How models are usually developed, and why you need to know

Let us assume you perform a 60 min all-out test and a 20 min all-out test. The 60 min test yields an average power of 285 W. The 20 min test results in an average power of 300 W. The relationship between the 60 and 20 min average powers are 0.95 (285/300 = 0.95).

If we accept the premise that 60 minute all-out average power is your threshold power, the formula to calculate your threshold power from the 20 minute test would be:

20 min average power x 0.95 = threshold power

However, when creating models to be applied to the general population of athletes, we cannot rely on data from a single rider alone.

Let us assume we decide to test hundreds of cyclists in a similar manner. They would most likely display a range of different average power outputs. If we plot their 60 min average power against 20 min average power we would probably see somewhat of a trend.

If we were to draw a single line (trend line) to best represent all the results, this line would the give us our model for the relationship between 60 min power and 20 min power.

As you see in our made up chart, most rider results lie fairly close, but not precisely on the 0.95 line. As such, the model represents an attempt to squeeze the results of many riders into a single formula. And in the case of the FTP model, research suggests it does so very well.

Immediately, you should be able to spot a potential problem.

You are not the average of 100 riders.

You are a single subject whose results may fall anywhere on this chart.

Probability dictates your result will likely fall close to the 0.95 relationship. But you cannot know beforehand whether or not you are one of the outliers, or if your results fit perfectly with the model.

This leads us to a highly interesting question:

How likely are your results to adhere to the FTP model and the 0.95 relationship?

Interestingly, a few recent studies have shed light on this matter.

FTP tests compared to lactate profile test

Up until 2018, no study had ever compared the popular 20 min FTP test with traditional means of estimating anaerobic threshold.

That is until a study in International Journal of Sports Medicine did just that.

Functional threshold power in cyclists: Validity of the concept and physiological responses

In this study from 2018, the authors compared the results from three popular methods of estimating anaerobic threshold: 20 min FTP test, 60 min FTP test and a stepwise lactate profile test.

Who were the athletes?

23 male cyclists (mean age 32 yrs) with at least 2 years of experience from regional and national level racing participated in the study. Their mean VO2 max was recorded to 59.4.

How were they tested?

Over 3 weeks the riders performed 4 tests, each with at least 48 hours in between.

The tests consisted of a stepwise lactate profile test, a 20 minute all-out test, a 60 min all-out test and finally a maximal effort test on the resulting power from the FTP 20 test (that is 100% of FTP20). The objective during the final test was to maintain this power output for as long as possible.

Preceeding the 20 minute all-out test, riders used a warm-up protocol described by Allen & Coggan witch includes 3×1 minute at high cadence (low intensity) and a 5 minute all-out effort. Prior to the 60 minute all-out test, 10 minutes of self-selected warm-up was performed.

What did they find?

The results displayed a strong correlation between FTP-values derived from the 20 minute test (FTP20) and the average power from the 60 minute test (FTP60) and threshold power estimated by the lactate profile test (IAT).

The mean results were:

FTP20: 236W
FTP60: 231W
Lactate profile test: 237W

When performing the final test on the power output equal to FTP20, riders were able to maintain this intensity for an average of 50.9 minutes. This was within the expected window for sustained efforts at anaerobic threshold (45-60 min).

The authors conclude that these results support the FTP concept as a valid method of estimating threshold power. On a group level.

In other words, the results of this study apparently correlates well with the FTP model.

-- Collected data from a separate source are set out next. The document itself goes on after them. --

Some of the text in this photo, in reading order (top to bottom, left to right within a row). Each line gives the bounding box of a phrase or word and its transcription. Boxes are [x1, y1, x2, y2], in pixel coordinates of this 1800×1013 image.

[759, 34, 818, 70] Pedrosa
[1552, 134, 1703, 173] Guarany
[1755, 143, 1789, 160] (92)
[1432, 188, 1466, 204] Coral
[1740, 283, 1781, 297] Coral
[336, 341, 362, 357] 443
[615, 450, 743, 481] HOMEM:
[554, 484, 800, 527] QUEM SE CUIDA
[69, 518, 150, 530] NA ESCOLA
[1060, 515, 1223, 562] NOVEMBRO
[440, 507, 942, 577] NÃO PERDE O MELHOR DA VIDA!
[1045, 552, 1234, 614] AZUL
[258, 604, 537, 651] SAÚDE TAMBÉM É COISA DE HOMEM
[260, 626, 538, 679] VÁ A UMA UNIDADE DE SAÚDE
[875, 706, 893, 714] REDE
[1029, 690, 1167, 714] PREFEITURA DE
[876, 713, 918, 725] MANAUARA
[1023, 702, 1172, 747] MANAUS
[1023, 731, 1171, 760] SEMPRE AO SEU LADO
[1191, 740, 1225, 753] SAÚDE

The estimated FTP values from the 20 min test (236W) were close to those of the stepwise lactate profile test (237W) and the 60 min test (231W).

The 60 min average power divided by the 20 min average power (231W / 248W) yields a relationship of 0.9315. In other words, fairly close to the accepted “rule” of FTP equalling 20 min average power x 0.95.

Yet, there is one problem with these results. And it is an important one.

Great individual differences

The authors highlight that their results correlate well with the FTP model on a group level.

However, when looking at results of individual riders, the situation changes.

…it is difficult to accept FTP as a thoroughly valid concept. We found large limits of agreement between most variables, suggesting a high level of interindividual variability in the relationship between FTP20 vs. FTP60 and between both measurements vs. IAT (me: stepwise lactate profile test).

– Borszcz et al. Int J Sports Med 2018

In other words, the average results fits well with the FTP model. But the results of individual riders often did not.

The above numbers illustrate that a rather great proportion of riders achieved quite different estimates of threshold power by the different test protocols.

FTP (60 min power) is not always 20 min power x 0.95

As previously stated, average power output for 20 minutes all-out x 0.95 is a fair estimate of threshold power. Which is considered synonymous to average power over 60 minutes all-out.

This study observed individual threshold power values differing by up to 45W between the FTP20 and FTP60 test. This for riders averaging power outputs in the range of 200-300W.

Example: If you test an FTP of 250W, a 30W difference between tests equates to a 12% margin of error. That is sufficient to move you into into a different intensity zone, depending on which test you base your training on. For a rider with FTP20 of 250W and FTP60 of 220W, the actual relationship between 60 and 20 min results are not 0.95. It is 0.84 (220/263 = 0.8365).

In summary, several of the included riders displayed a relationship between 60 min and 20 min average power far different to the “rule” of 0.95.

Discrepancies between 20 min FTP and lactate profile test

How then, did the 20 min FTP test fare when compared to the lactate profile test?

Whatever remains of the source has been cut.